France Inter vous l'avait annoncé, à quelques heures de la fin de l'échéance, Jean-Marc Ayrault a annoncé un accord avec ArcelorMittal au terme duquel le géant de l'acier s'engage à investir 180 millions d'euros sur le site de Florange, à renforcer la filière froide et à préserver ses hauts fourneaux même s'il n'y aura pas de redémarrage de ceux-ci à court terme, faute de débouchés.

La piste de la nationalisation du site - un temps évoquée par le gouvernement en général et le ministre du Redressement productif, Arnaud Montebour en particulier, - est écartée.

Ecartée aussi la menace d'un plan social. 629 salariés de la filière chaude étaient directement concernés et voient donc leur perspectives professionnelles s'éclaircir quelques peu. Du moins, sur le papier. Car en pratique, c'est la déception qui l'a emporté hier. Celle de devoir continuer à travailler avec un Lakshmi Mittal qui les a plus que déçu.

Au moment de l'annonce, c'était donc l'abattement sur le site de Florange.

Ecoutez ce reportage de Marion L'hour.

Selon Jean-Marc Ayrault, le groupe investira 180 millions d'euros sur cinq ans dans l'activité transformation de l'acier de Florange et a accepté de ne pas fermer les deux hauts fourneaux comme il en avait l'intention.

ArcelorMittal s'est engagé en outre à les maintenir dans un état qui permette le moment venu de les adapter au projet Ulcos de sidérurgie à très basses émissions de CO2 en cours de développement

Déception et colère à Florange __

En Moselle, 629 salariés, 3000 sous-traitants attendaient l'issue des ces négociations.
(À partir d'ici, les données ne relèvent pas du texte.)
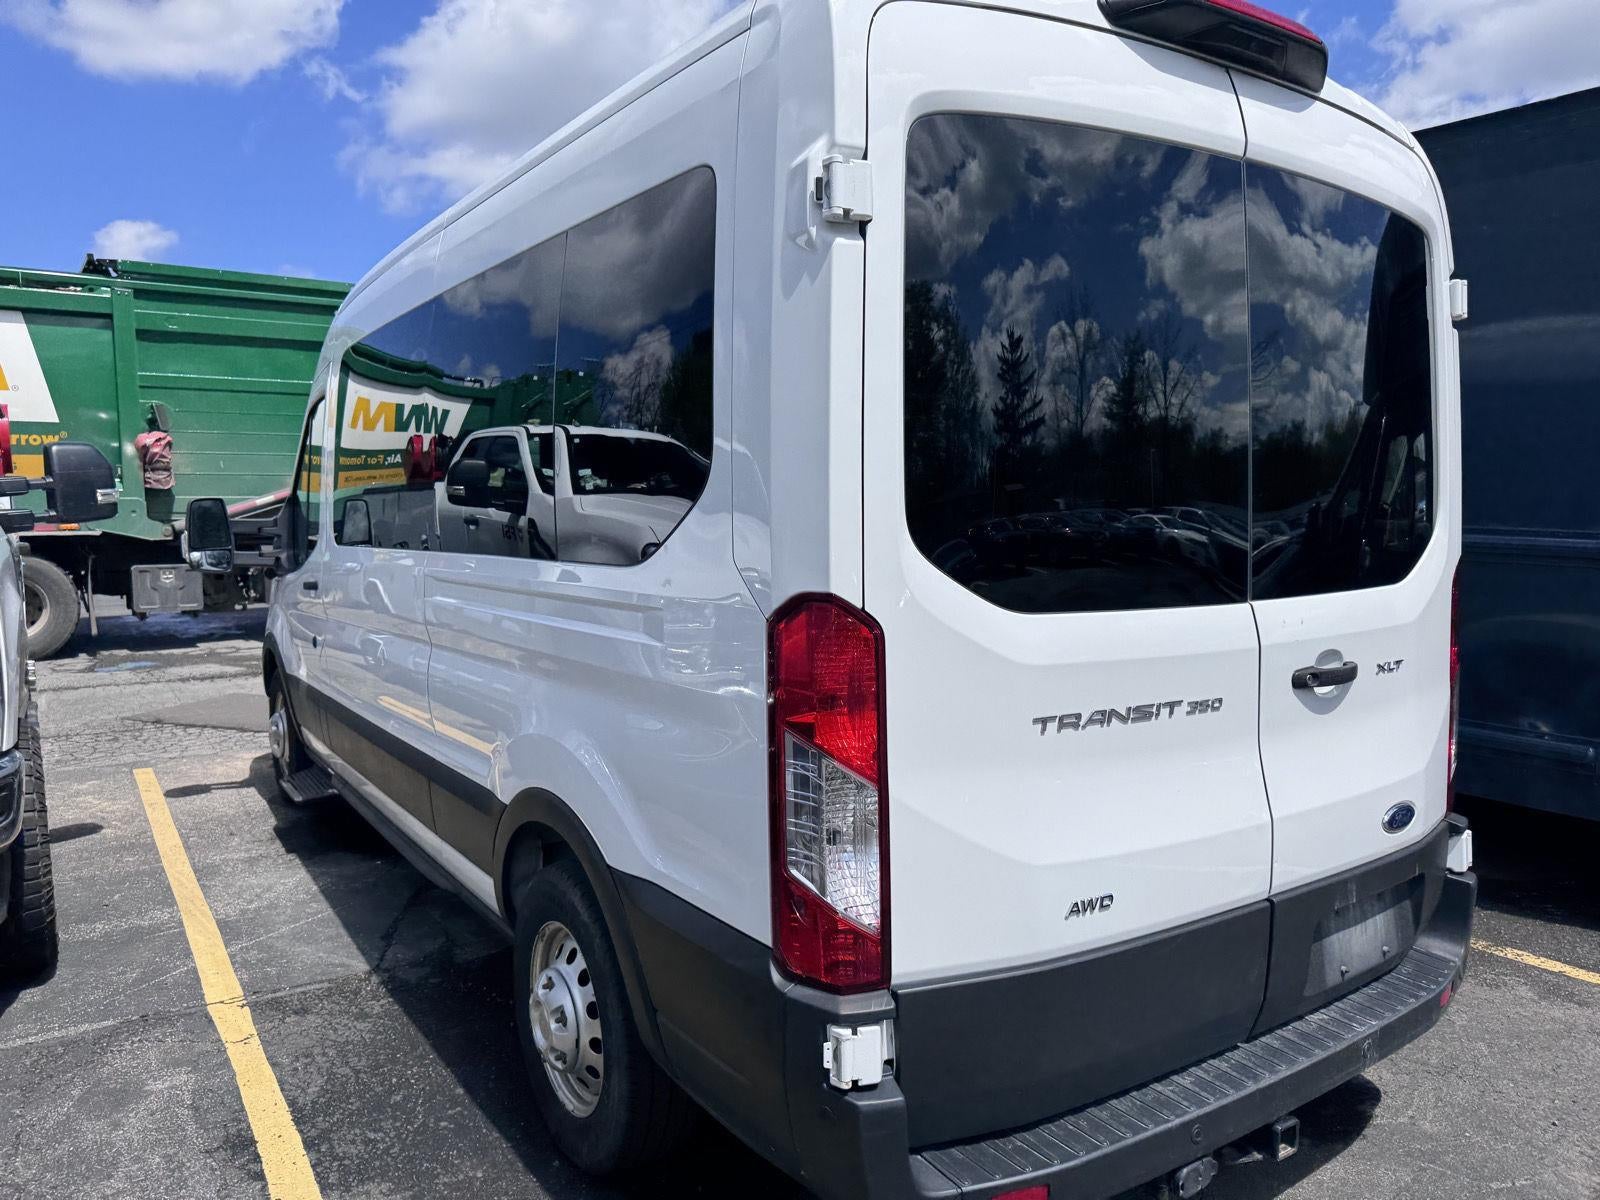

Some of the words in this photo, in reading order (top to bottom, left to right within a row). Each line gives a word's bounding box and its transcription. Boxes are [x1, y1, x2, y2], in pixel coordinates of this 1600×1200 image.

Malgré la promesse de casse sociale évitée, les premières réaction sont très négatives. Les salariés, qui ne font absolument plus confiance à Lakshmi Mittal, avaient placé tous leurs espoirs dans une nationalisation permettant un à un autre groupe de racheter le site.

En Lorraine, c'est même l'ensemble de la Vallée de la Fensch qui accuse le coup

"Nous sommes une nouvelle fois trahis. Il n'y a plus de pilote dans le gouvernement" a déclaré le délégué CFDT Édouard Martin. Le représentant de l’intersyndicale qui a fait part de son amertume et sa colère, a rappelle que Nicolas Sarkozy avait fait une annonce de même type : un fort investissement de Mittal sur le site de Florange. Une somme que les salariés n’ont jamais vue arriver.

"Nous exigeons que les travaux des hauts fourneaux démarrent immédiatement, dit Edouard Martin qui exige un échéancier, une réunion tripartite avec le Gouvernement et Mittal et un cellule pour superviser les investissements de Mittal.

Dans le local syndical, les ArcelorMittal de Florange attendent l'annonce de Jean-Marc Ayrault
Dans le local syndical, les ArcelorMittal de Florange attendent l'annonce de Jean-Marc Ayrault © Radio France / Rachel Noël

Philippe Tarillon, le maire PS de Florange, comprends la déception des « gens qui ont mené et mènent encore une lutte digne et courageuse". Lui-même est sceptique. Pour l’élu l’accord est "acceptable dans son principe" mais se demande où sont "les assurances que la parole de Mittal sera tenue". "Comme les salariés j'ai du mal à croire en sa parole", dit-il. Il faudra être vigilant et maintenir la pression sur le gouvernement", qui devra veiller à ce que les promesses soient tenues ".

L'Élysée aussi parle de "pression". L'entourage du président de la République assure qu’on va "maintenir la pression" sur ArcelorMittal "parce qu'en gros les syndicats disent est-ce qu'on peut encore avoir confiance. "Les moyens de pression ne disparaissent pas avec l'annonce d'aujourd'hui".

Cet accord intervient après presque dix jours de joutes verbales entre ArcelorMittal et le gouvernement

Mardi, François Hollande avait déclaré lui-même avant de rencontrer Lakshmi Mittal, que la nationalisation temporaire faisait "partie du sujet de la discussion". Une menace brandie pour tenter de faire plier Mittal afin qu'il accepte d'élargir le périmètre de la cession.

Car le gouvernement n’avait pas reussi à trouver un repreneur pour la seule partie du site de Mittal voulait vendre, alors qu’Arnaud Montebourg disait avoir trouvé deux repreneurs potentiels mais pour l’intégralité du site. Vendredi soir Matignon a fait savoir qu'en fait, aucun repreneur crédiblen'avait pris d'engagement ferme pour le site de Florenge.